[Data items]
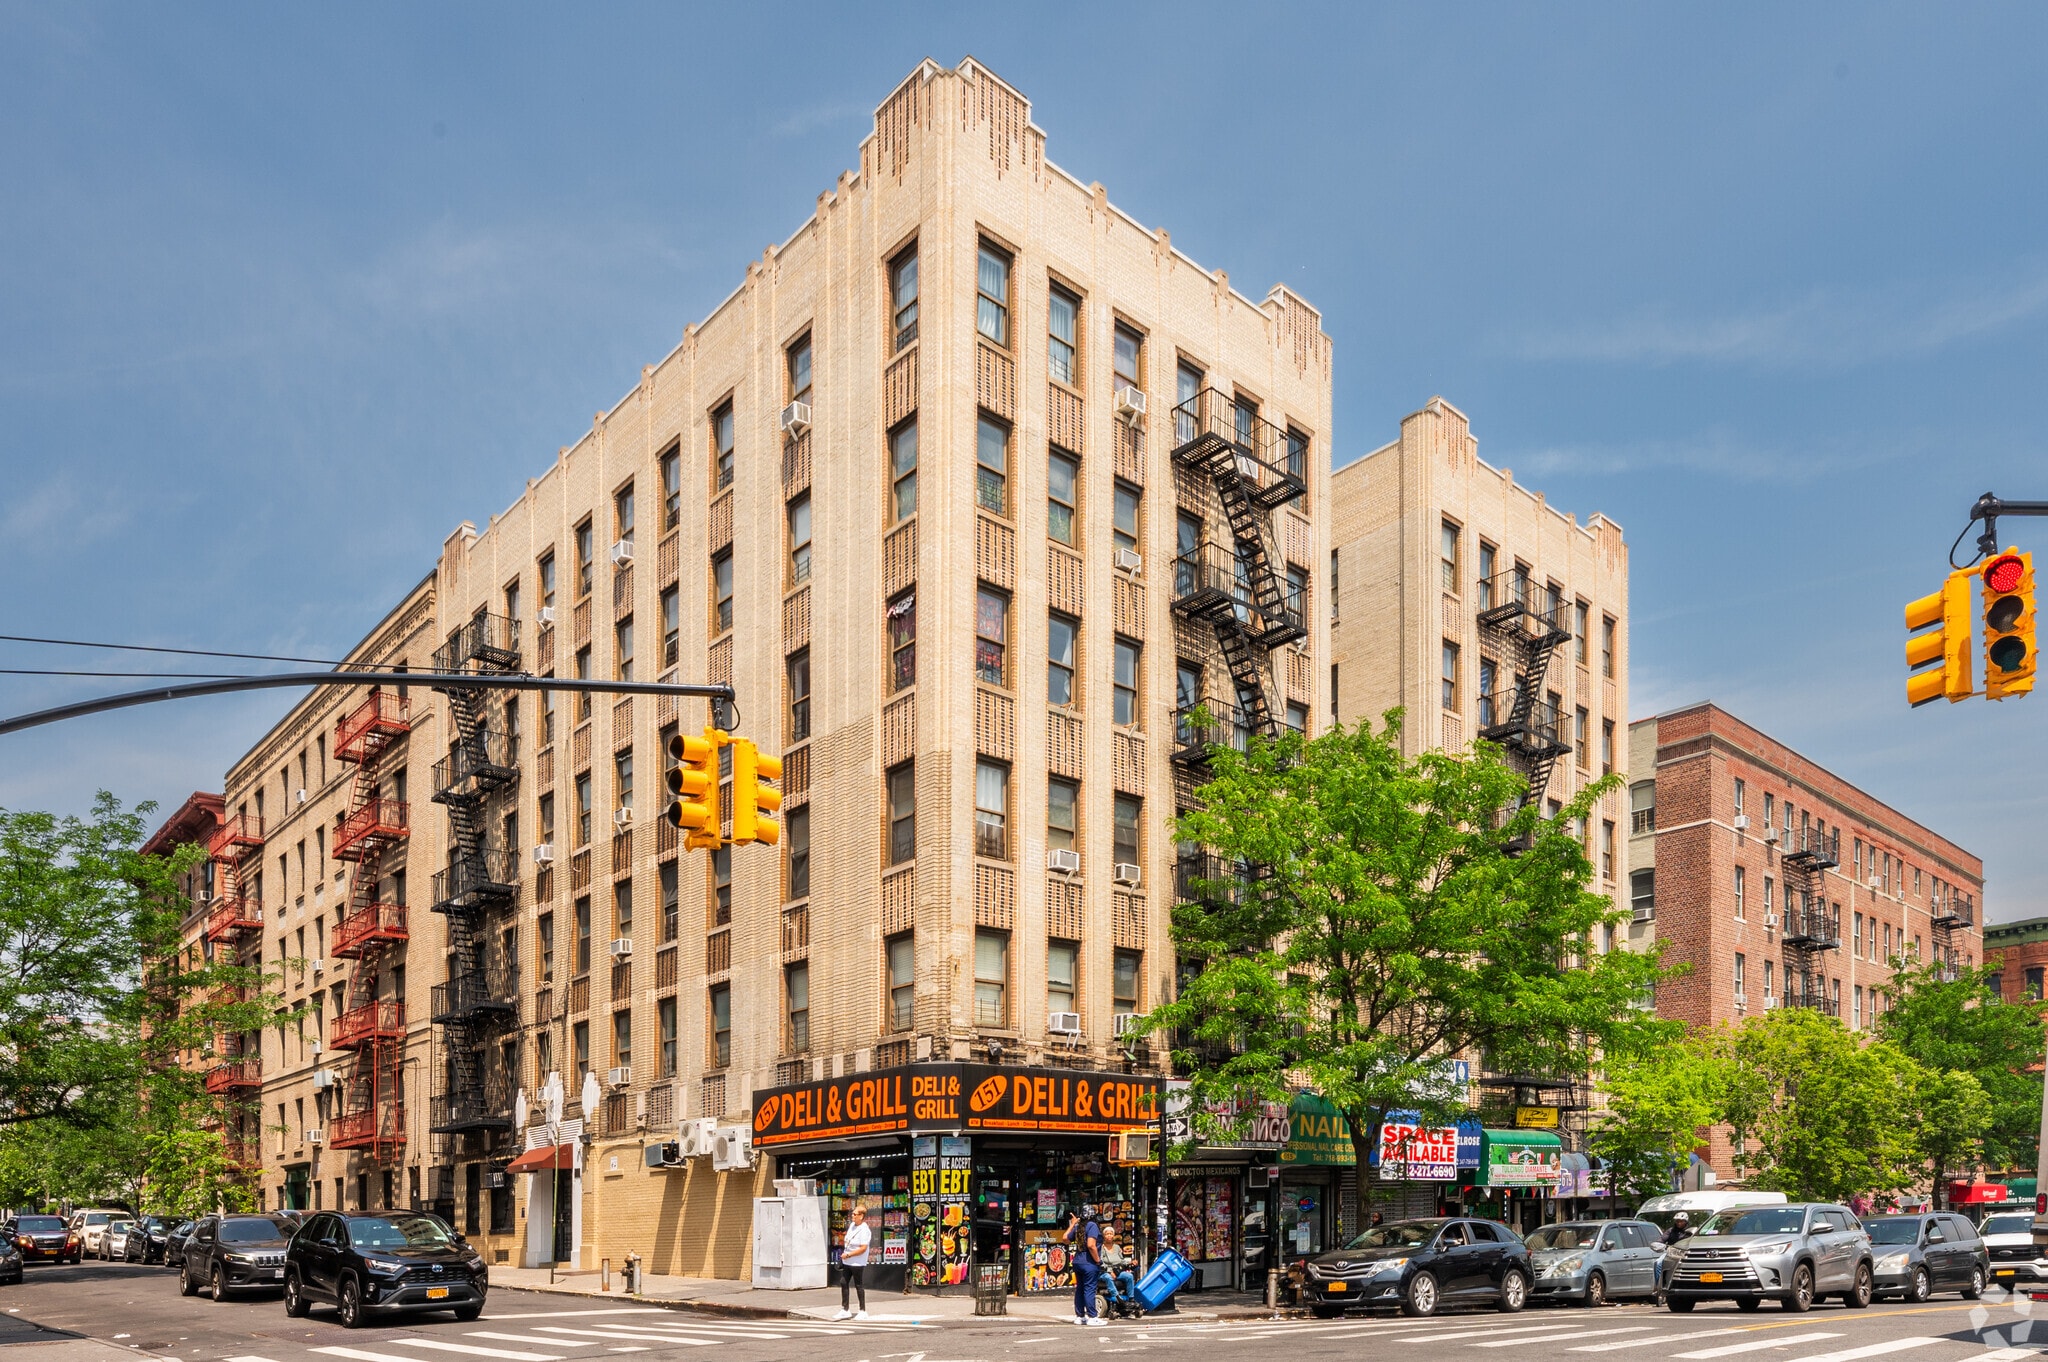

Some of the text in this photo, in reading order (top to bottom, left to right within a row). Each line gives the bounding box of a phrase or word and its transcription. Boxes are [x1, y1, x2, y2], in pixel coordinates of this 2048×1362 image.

[912, 1075, 960, 1096] DELI &
[974, 1079, 1002, 1109] 151
[781, 1076, 907, 1129] DELI & GRILL
[1013, 1075, 1069, 1116] DELI
[1075, 1079, 1093, 1117] &
[1098, 1081, 1162, 1120] GRILL
[757, 1101, 776, 1128] 151
[914, 1099, 959, 1119] GRILL
[1300, 1114, 1366, 1138] NAIL
[1383, 1126, 1455, 1145] SPACE
[1456, 1136, 1480, 1145] ELROSE
[920, 1157, 936, 1169] ACCEPT
[941, 1157, 971, 1169] WE ACCEPT
[1382, 1144, 1455, 1162] AVAILABLE
[1166, 1166, 1240, 1177] PRODUCTOS MEXICANOS
[1399, 1165, 1454, 1177] 2-271-6690
[1525, 1165, 1547, 1173] DIAMANTE
[913, 1169, 936, 1194] EBT
[941, 1169, 971, 1194] EBT
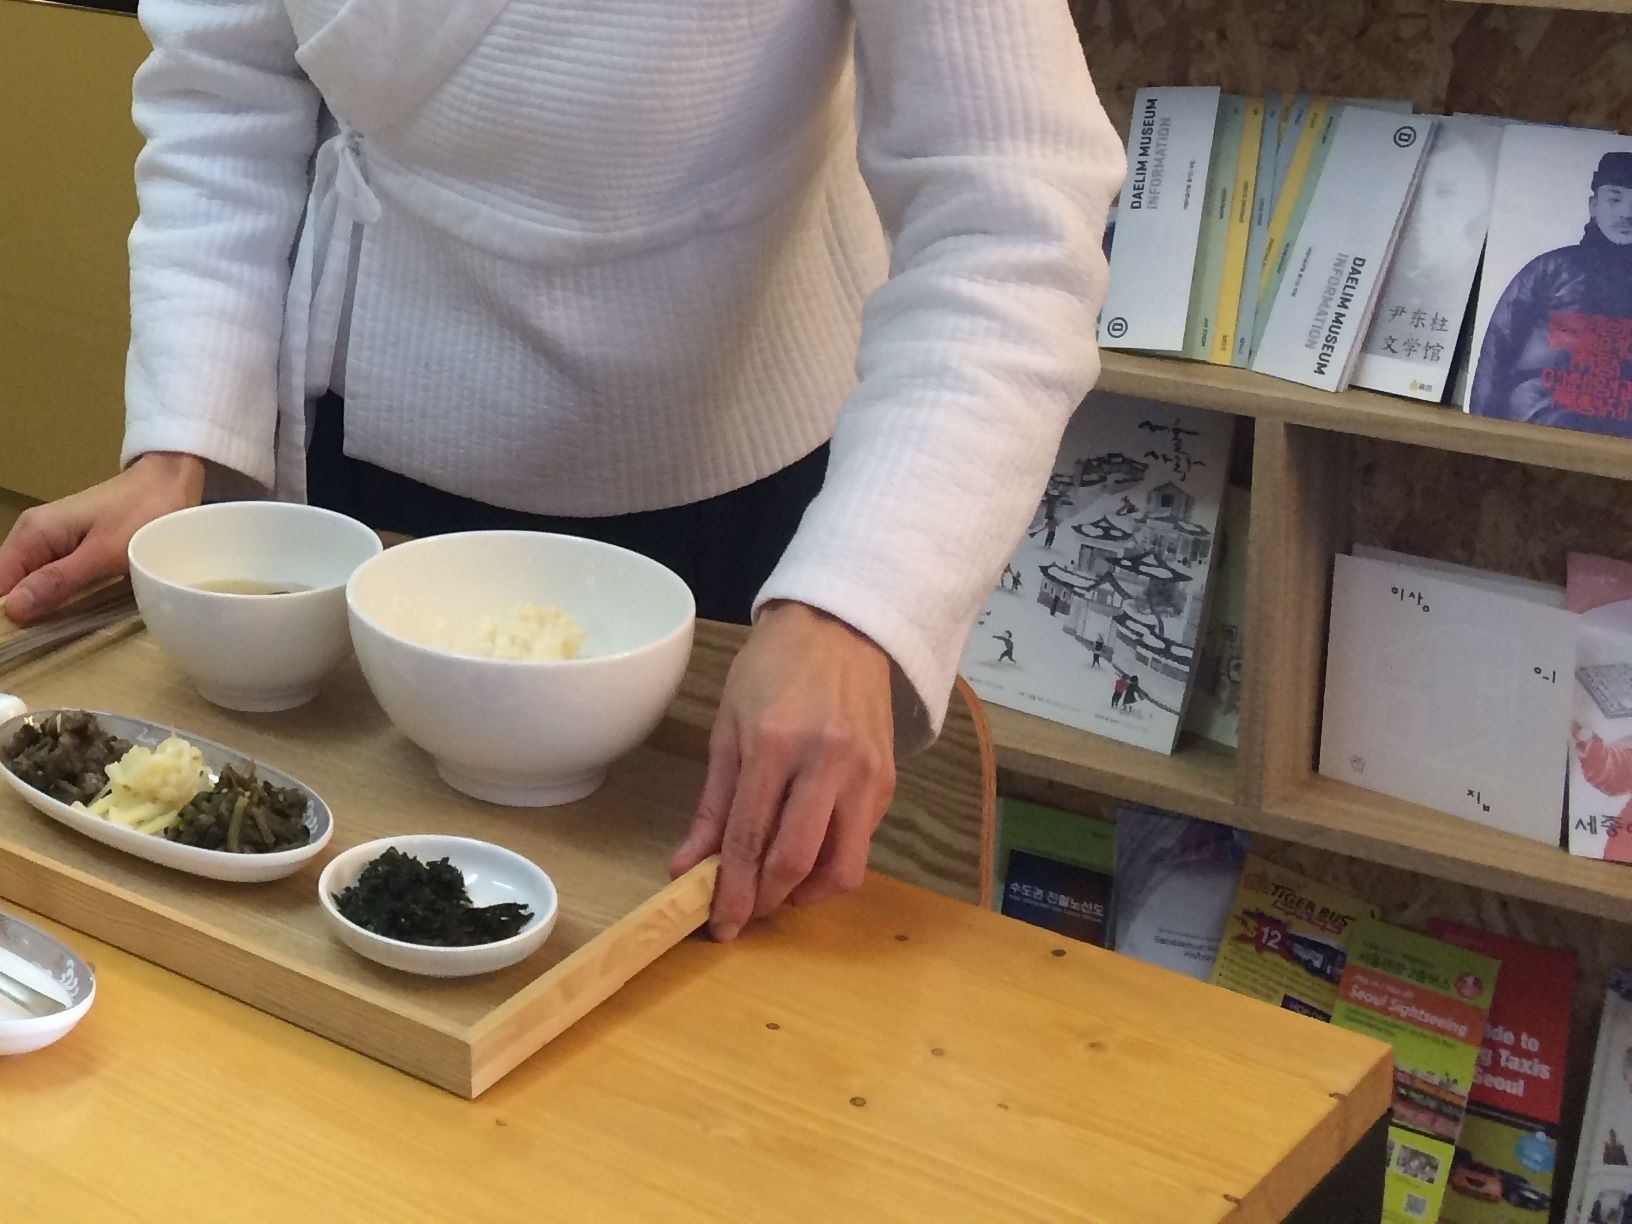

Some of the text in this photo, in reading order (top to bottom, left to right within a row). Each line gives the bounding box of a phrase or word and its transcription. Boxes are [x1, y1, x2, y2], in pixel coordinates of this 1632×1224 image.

[1130, 98, 1158, 210] DAELIM MUSEUM
[1146, 117, 1171, 210] INFORMATION
[1304, 252, 1349, 351] INFORMATION
[1313, 256, 1367, 376] DAELIM MUSEUM
[1388, 305, 1449, 333] 尹东柱
[1382, 335, 1445, 362] 文学馆
[1391, 586, 1430, 613] 이상
[1534, 666, 1557, 684] 의
[1467, 789, 1491, 812] 집
[1009, 881, 1044, 901] 수도권
[1271, 883, 1317, 914] TIGER
[1318, 906, 1356, 928] BUS
[1349, 983, 1389, 1008] Seoul
[1388, 997, 1468, 1038] Sightseeing
[1521, 1031, 1540, 1053] to
[1499, 1047, 1551, 1080] Taxis

- _Prompt_
Reproduce each entry word for word and cut the images.

- _Finished task_
Some of the text in this photo, in reading order (top to bottom, left to right within a row). Each line gives the bounding box of a phrase or word and its transcription. Boxes are [x1, y1, x2, y2], in pixel coordinates of this 2048×1362 image.

[912, 1075, 960, 1096] DELI &
[974, 1079, 1002, 1109] 151
[781, 1076, 907, 1129] DELI & GRILL
[1013, 1075, 1069, 1116] DELI
[1075, 1079, 1093, 1117] &
[1098, 1081, 1162, 1120] GRILL
[757, 1101, 776, 1128] 151
[914, 1099, 959, 1119] GRILL
[1300, 1114, 1366, 1138] NAIL
[1383, 1126, 1455, 1145] SPACE
[1456, 1136, 1480, 1145] ELROSE
[920, 1157, 936, 1169] ACCEPT
[941, 1157, 971, 1169] WE ACCEPT
[1382, 1144, 1455, 1162] AVAILABLE
[1166, 1166, 1240, 1177] PRODUCTOS MEXICANOS
[1399, 1165, 1454, 1177] 2-271-6690
[1525, 1165, 1547, 1173] DIAMANTE
[913, 1169, 936, 1194] EBT
[941, 1169, 971, 1194] EBT

Some of the text in this photo, in reading order (top to bottom, left to right within a row). Each line gives the bounding box of a phrase or word and its transcription. Boxes are [x1, y1, x2, y2], in pixel coordinates of this 1632×1224 image.

[1130, 98, 1158, 210] DAELIM MUSEUM
[1146, 117, 1171, 210] INFORMATION
[1304, 252, 1349, 351] INFORMATION
[1313, 256, 1367, 376] DAELIM MUSEUM
[1388, 305, 1449, 333] 尹东柱
[1382, 335, 1445, 362] 文学馆
[1391, 586, 1430, 613] 이상
[1534, 666, 1557, 684] 의
[1467, 789, 1491, 812] 집
[1009, 881, 1044, 901] 수도권
[1271, 883, 1317, 914] TIGER
[1318, 906, 1356, 928] BUS
[1349, 983, 1389, 1008] Seoul
[1388, 997, 1468, 1038] Sightseeing
[1521, 1031, 1540, 1053] to
[1499, 1047, 1551, 1080] Taxis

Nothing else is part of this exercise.